Controllable synthesis of highly uniform cuboid-shape MOFs and their derivatives for lithium-ion battery and photocatalysis applications

- We report controllable synthesis of uniform cuboid-shape MOFs at room temperature.
- The formation mechanism of cuboid-shape MOFs is investigated.
- Highly porous ZnO, ZnS and ZnCo2O4 cuboids can be derived from cuboid-shape MOFs.
- As LIBs anode, ZnCo2O4 cuboids exhibit excellent electrochemical performance.

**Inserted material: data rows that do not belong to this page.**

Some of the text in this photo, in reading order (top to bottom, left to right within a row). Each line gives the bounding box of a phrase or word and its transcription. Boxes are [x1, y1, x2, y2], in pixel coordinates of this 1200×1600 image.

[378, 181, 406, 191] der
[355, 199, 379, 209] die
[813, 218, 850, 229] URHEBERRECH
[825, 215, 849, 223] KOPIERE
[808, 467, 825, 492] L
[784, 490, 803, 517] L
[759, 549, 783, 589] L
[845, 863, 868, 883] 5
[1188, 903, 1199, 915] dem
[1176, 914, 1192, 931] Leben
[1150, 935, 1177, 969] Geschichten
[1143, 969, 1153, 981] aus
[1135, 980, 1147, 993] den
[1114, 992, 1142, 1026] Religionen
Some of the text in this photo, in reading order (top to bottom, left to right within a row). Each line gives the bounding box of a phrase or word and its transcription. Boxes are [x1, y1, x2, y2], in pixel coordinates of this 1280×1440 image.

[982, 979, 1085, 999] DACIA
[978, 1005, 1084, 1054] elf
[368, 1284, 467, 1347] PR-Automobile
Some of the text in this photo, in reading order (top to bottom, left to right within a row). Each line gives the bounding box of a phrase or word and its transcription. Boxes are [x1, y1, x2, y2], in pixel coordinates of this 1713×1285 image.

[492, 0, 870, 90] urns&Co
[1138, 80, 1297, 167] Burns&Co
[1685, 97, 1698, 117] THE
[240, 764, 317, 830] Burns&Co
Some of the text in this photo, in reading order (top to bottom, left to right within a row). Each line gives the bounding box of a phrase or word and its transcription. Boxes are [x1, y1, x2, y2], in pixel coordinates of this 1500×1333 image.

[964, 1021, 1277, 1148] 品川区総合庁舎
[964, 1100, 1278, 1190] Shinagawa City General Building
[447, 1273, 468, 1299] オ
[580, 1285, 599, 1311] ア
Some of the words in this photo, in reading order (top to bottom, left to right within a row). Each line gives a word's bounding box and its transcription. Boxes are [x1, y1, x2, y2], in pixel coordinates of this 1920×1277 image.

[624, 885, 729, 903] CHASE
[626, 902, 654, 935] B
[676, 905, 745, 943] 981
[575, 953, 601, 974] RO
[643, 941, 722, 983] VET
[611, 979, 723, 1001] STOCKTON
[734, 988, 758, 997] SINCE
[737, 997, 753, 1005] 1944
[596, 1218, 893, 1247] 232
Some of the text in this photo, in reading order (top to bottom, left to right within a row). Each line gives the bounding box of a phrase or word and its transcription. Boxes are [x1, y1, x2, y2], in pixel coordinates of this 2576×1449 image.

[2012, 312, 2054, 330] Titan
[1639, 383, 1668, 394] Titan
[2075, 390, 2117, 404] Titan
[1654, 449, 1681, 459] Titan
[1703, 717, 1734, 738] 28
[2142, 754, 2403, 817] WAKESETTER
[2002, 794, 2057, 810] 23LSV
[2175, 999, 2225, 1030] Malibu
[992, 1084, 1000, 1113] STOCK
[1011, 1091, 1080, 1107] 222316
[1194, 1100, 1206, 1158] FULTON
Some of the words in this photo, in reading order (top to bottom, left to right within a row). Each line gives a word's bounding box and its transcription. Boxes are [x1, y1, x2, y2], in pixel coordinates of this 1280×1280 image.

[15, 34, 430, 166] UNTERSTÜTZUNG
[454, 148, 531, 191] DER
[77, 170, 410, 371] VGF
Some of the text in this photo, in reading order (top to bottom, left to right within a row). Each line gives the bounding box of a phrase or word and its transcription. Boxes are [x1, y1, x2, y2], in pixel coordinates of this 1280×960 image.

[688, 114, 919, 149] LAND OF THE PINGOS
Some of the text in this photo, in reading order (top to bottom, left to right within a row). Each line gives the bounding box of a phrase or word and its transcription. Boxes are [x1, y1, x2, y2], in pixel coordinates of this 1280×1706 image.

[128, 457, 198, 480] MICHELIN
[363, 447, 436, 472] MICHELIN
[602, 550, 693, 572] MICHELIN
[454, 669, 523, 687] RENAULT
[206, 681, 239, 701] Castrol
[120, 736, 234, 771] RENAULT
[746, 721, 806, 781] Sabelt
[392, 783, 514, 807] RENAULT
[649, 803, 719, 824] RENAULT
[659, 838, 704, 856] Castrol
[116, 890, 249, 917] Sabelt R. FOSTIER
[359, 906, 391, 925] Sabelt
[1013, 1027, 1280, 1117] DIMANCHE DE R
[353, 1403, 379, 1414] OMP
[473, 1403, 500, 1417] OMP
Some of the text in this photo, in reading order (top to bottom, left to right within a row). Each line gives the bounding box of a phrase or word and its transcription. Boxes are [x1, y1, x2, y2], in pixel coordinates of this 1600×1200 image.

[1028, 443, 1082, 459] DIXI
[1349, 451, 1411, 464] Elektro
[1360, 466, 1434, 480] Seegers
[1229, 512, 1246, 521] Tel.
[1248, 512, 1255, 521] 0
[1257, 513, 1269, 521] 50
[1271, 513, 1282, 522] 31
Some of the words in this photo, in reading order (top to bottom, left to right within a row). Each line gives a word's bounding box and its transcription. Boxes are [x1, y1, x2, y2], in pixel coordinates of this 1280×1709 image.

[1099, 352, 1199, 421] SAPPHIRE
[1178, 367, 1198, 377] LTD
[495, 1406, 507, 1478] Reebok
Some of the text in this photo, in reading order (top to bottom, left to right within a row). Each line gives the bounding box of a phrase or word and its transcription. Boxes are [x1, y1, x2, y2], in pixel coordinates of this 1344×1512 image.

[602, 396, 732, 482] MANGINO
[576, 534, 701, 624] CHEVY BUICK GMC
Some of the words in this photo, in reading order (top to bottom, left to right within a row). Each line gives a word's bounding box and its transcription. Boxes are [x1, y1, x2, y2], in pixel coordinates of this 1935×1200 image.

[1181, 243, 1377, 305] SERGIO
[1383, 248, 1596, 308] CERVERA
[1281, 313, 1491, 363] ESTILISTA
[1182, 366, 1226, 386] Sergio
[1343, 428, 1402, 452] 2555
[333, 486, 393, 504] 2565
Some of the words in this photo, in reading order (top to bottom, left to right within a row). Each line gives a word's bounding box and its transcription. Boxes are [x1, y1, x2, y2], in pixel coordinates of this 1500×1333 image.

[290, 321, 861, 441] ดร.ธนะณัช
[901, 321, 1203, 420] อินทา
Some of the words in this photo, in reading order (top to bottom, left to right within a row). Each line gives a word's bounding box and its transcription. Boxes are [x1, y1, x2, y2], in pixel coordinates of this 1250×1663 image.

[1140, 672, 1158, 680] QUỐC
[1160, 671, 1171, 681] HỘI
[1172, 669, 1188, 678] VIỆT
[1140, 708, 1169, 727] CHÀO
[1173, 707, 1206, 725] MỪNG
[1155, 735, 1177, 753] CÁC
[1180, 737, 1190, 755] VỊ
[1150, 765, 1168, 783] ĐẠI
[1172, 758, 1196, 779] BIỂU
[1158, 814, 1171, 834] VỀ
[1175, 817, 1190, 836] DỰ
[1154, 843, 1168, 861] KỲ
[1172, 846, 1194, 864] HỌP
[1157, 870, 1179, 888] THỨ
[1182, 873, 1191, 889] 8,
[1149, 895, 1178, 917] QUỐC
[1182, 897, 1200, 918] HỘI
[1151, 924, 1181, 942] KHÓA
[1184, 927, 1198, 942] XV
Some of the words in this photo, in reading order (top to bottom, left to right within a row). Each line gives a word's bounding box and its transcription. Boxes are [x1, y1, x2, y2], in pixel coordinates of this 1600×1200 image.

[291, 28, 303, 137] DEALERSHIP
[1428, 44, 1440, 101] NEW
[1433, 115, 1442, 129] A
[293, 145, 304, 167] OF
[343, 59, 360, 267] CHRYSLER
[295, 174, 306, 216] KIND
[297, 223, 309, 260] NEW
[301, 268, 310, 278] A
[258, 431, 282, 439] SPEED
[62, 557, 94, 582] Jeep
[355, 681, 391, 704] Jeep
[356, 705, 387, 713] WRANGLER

Size and shape controlled, in particular, scaling-down synthesis of uniform metal organic frameworks (MOFs) is a challenge. Importantly, MOFs derivatives have received great interest in energy fields owing to their highly porous structure and large surface areas. Here, we demonstrate the controllable large-scale synthesis of highly uniform cuboid-shape MOFs using an eco-friendly method at room temperature. The cuboid-shape ZIF-L is first synthesized until now. We have also explored its derivatives, which are applied in the fields of lithium-ion batteries. As a result, ZnCo2O4 cuboids demonstrate high discharge capacity of 995 mA h g−1 at 100 mA g−1 for the second cycle, high rate capacity of 482 mA h g−1 at 3 A g−1, and long-term cyclic stability up to 250 cycles at 500 mAg−1. The porous ZnO cuboids exhibit good photocatalytic activity by degrading dyes (MB, RhB, and MO). The results demonstrate that ZIF-L cuboids and their derivatives have a good application prospect.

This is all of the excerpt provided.